Radiographer: Job Description, Duties and Requirements
Radiographers are certified technicians that capture images of organs, bone and tissue for patient diagnosis. Radiographers are equipped with the technological skills to handle imaging equipment and the interpersonal skills necessary for patient care. Educational and licensure requirements vary by state and profession.
Job Description of a Radiographer
Radiology technicians, technologists, and sonographers fall within the broad scope of a radiography profession. Using radiation in the form of x-rays, magnetic resonance imaging and ultrasound, radiographers assess, diagnose and treat patients for a variety of injuries and diseases, Often part of a medical or surgical team, radiographers are typically involved in initial patient evaluation and testing, providing diagnostic and evidentiary data for physicians.
Duties of a Radiographer
Radiology technicians (RT) and technologists (RTL) are generally responsible for preparing and safely positioning patients in order to get the most accurate images. Tasks for a radiology tech may range from assisting a radiologist with advanced preparation and testing to administrative tasks, such as organizing work schedules and maintaining patient records. An RTL may perform or specialize in mammography, computed tomography, or magnetic resonance imaging. Depending on the institution, RTs and RTLs may require on-call, evening or weekend availability.
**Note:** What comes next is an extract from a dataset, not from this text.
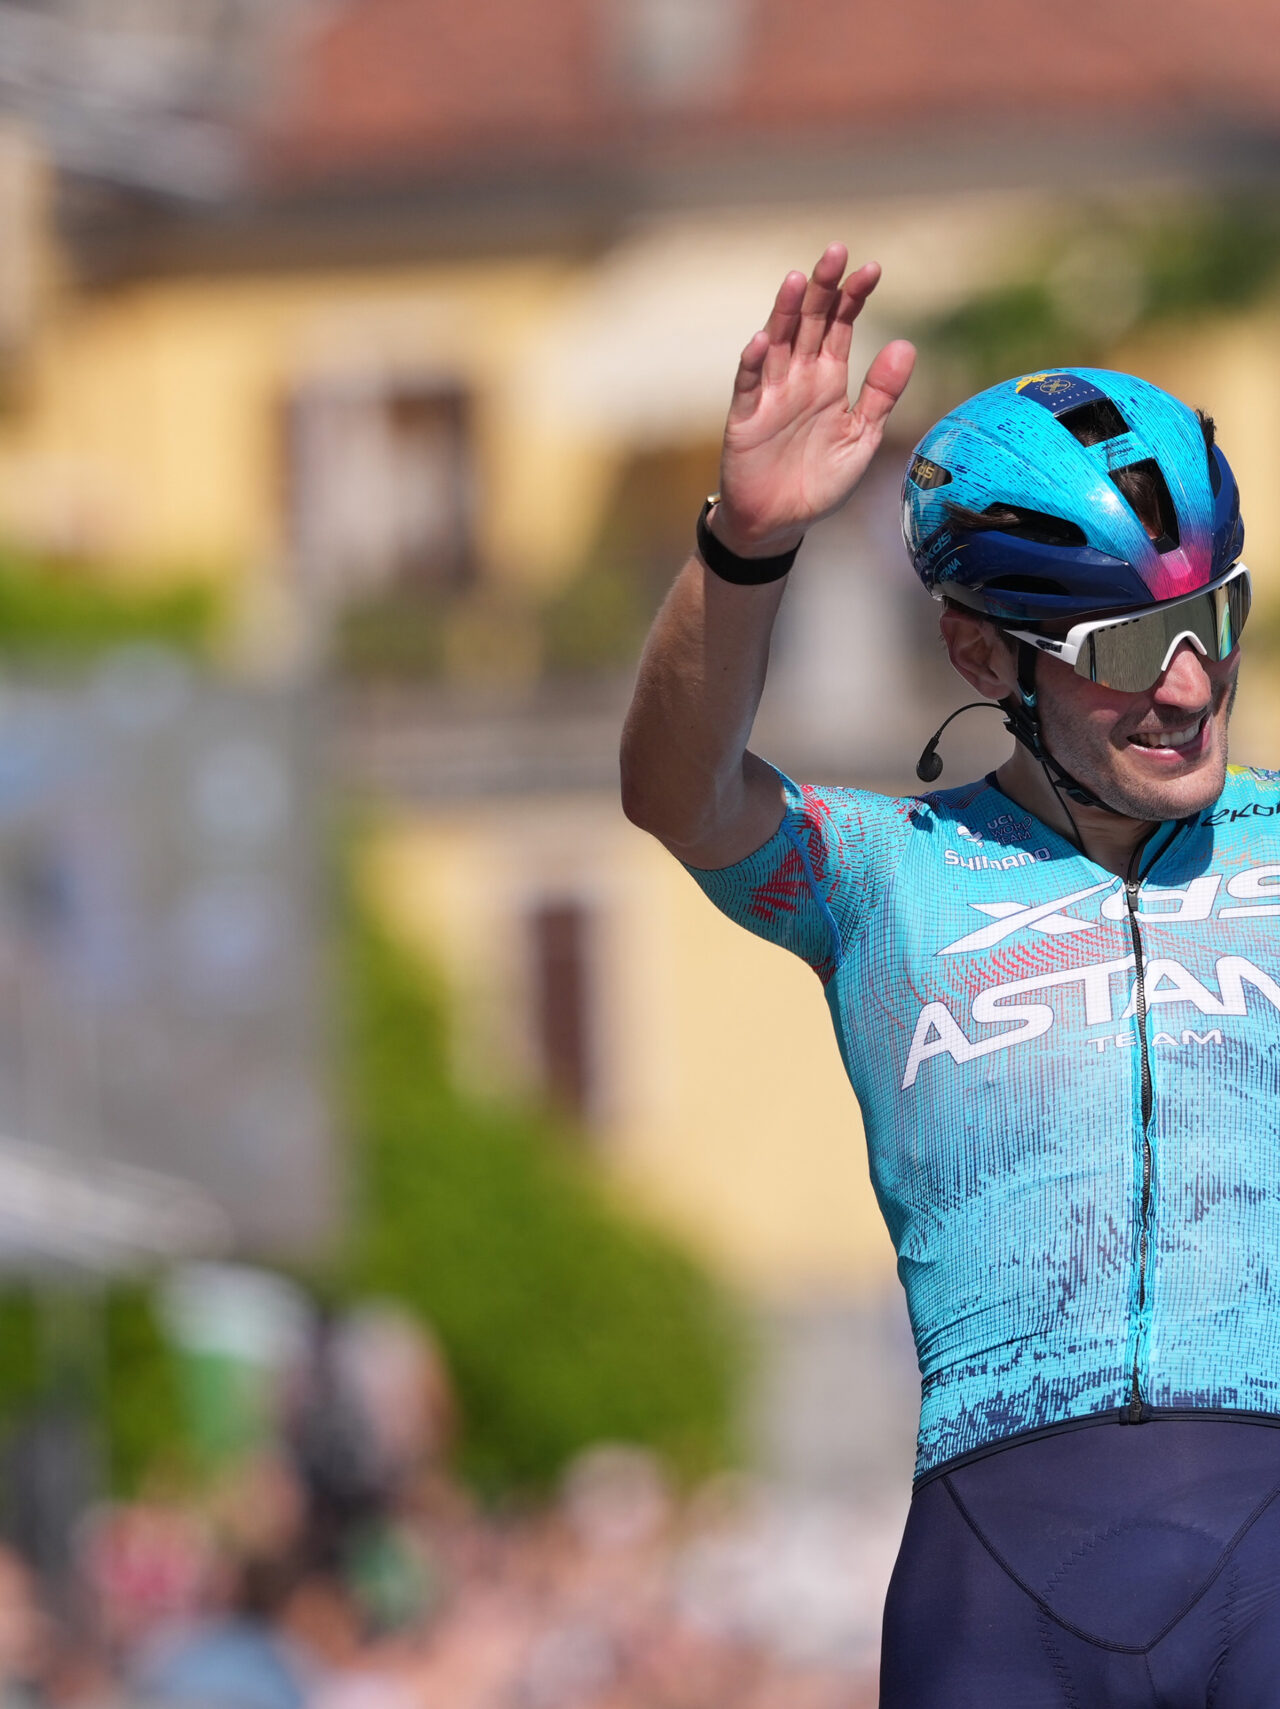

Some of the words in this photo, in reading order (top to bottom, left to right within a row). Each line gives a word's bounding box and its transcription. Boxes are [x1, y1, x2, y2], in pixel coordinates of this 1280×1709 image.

Similarly, sonographers also assist physicians with data images designed to identify issues with internal organs using noninvasive sound waves. Sonographers may specialize in several areas, including women's health, vascular technology or echocardiography. Sonographers may work in hospitals, medical clinics and private practice.
Educational Requirements of a Radiographer
The journey to becoming a radiographer often begins in high school with preparatory classes in math and science. Associate degrees or certificate programs are typically the minimum requirement for an entry-level position in the field. Several schools offer radiography programs, with courses in physiology, anatomy, and safe practices in radiological imaging. Those seeking a bachelor's degree may also find many schools with radiography and sonography majors. Regardless of the degree or educational level, most programs include exposure to the field through clinical practicums and rotations at affiliated medical institutions.
Licensure and Certification
Each specialization has federally regulated education standards, and many states mandate licensure for radiography professions. Testing and experience requirements vary by state. Optional certification may be obtained through several credentialing organizations, such as the American Registry of Radiologic Technologists or the American Registry of Diagnostic Medical Sonographers. While voluntary, certification may improve salary and career options. Continuing education is usually required to maintain both licensure and certification.
Employment Outlook and Salary Information
Faster than average job growth of 28% was predicted by the U.S. Bureau of Labor Statistics (BLS), from 2010-2020, for radiologic technologists. In 2012, the annual median salary for this profession was $54,620, the BLS stated.